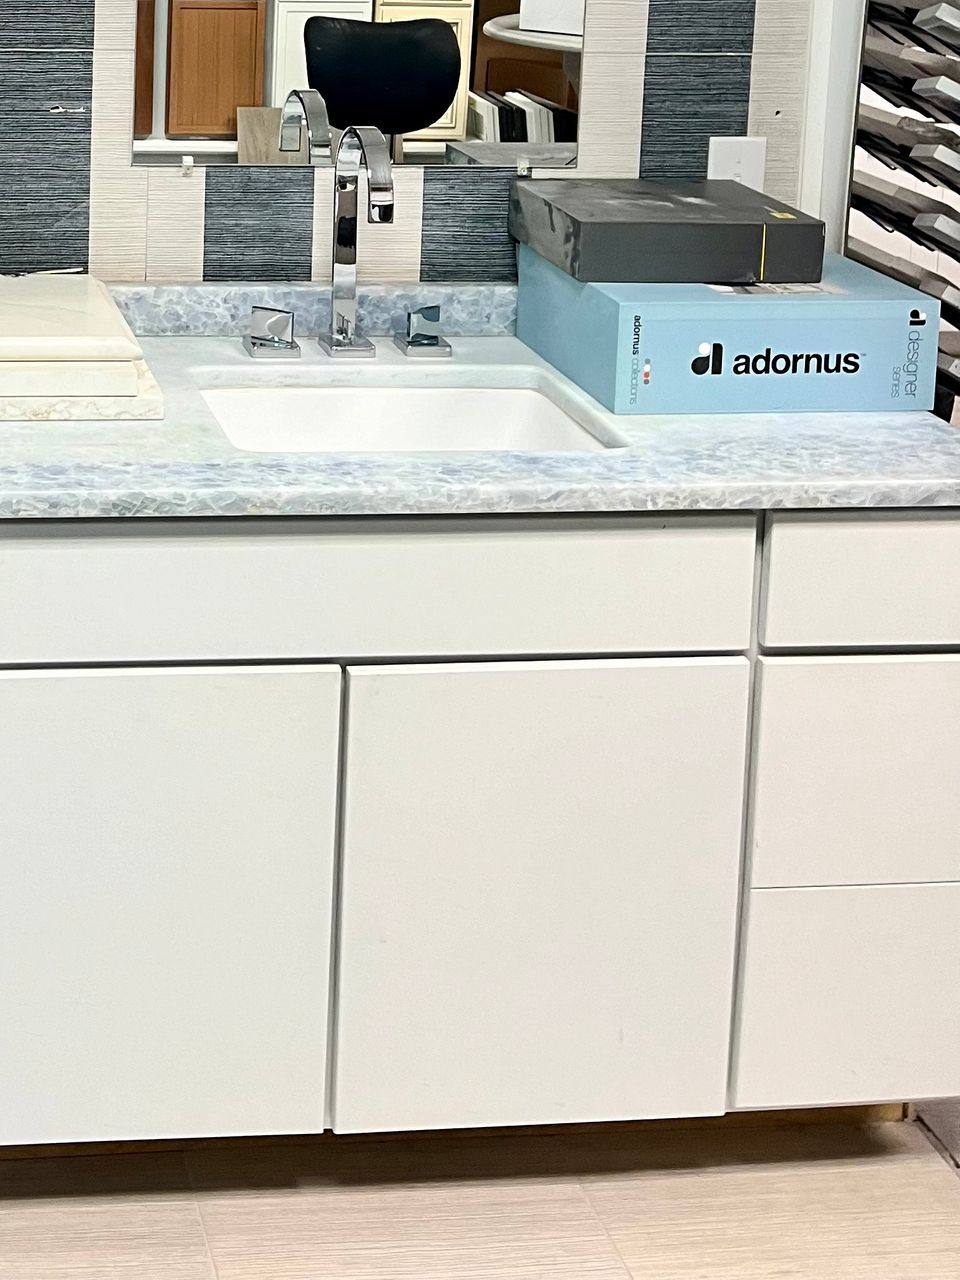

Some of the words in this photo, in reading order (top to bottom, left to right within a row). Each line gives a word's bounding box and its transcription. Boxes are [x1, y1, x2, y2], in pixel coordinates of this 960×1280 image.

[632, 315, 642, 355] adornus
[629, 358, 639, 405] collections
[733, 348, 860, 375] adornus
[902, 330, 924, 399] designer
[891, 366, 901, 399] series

Problem to solve » The task calls for repeating each line above exactly while excluding the pictures.

Your solution »
Some of the words in this photo, in reading order (top to bottom, left to right within a row). Each line gives a word's bounding box and its transcription. Boxes are [x1, y1, x2, y2], in pixel coordinates of this 960×1280 image.

[632, 315, 642, 355] adornus
[629, 358, 639, 405] collections
[733, 348, 860, 375] adornus
[902, 330, 924, 399] designer
[891, 366, 901, 399] series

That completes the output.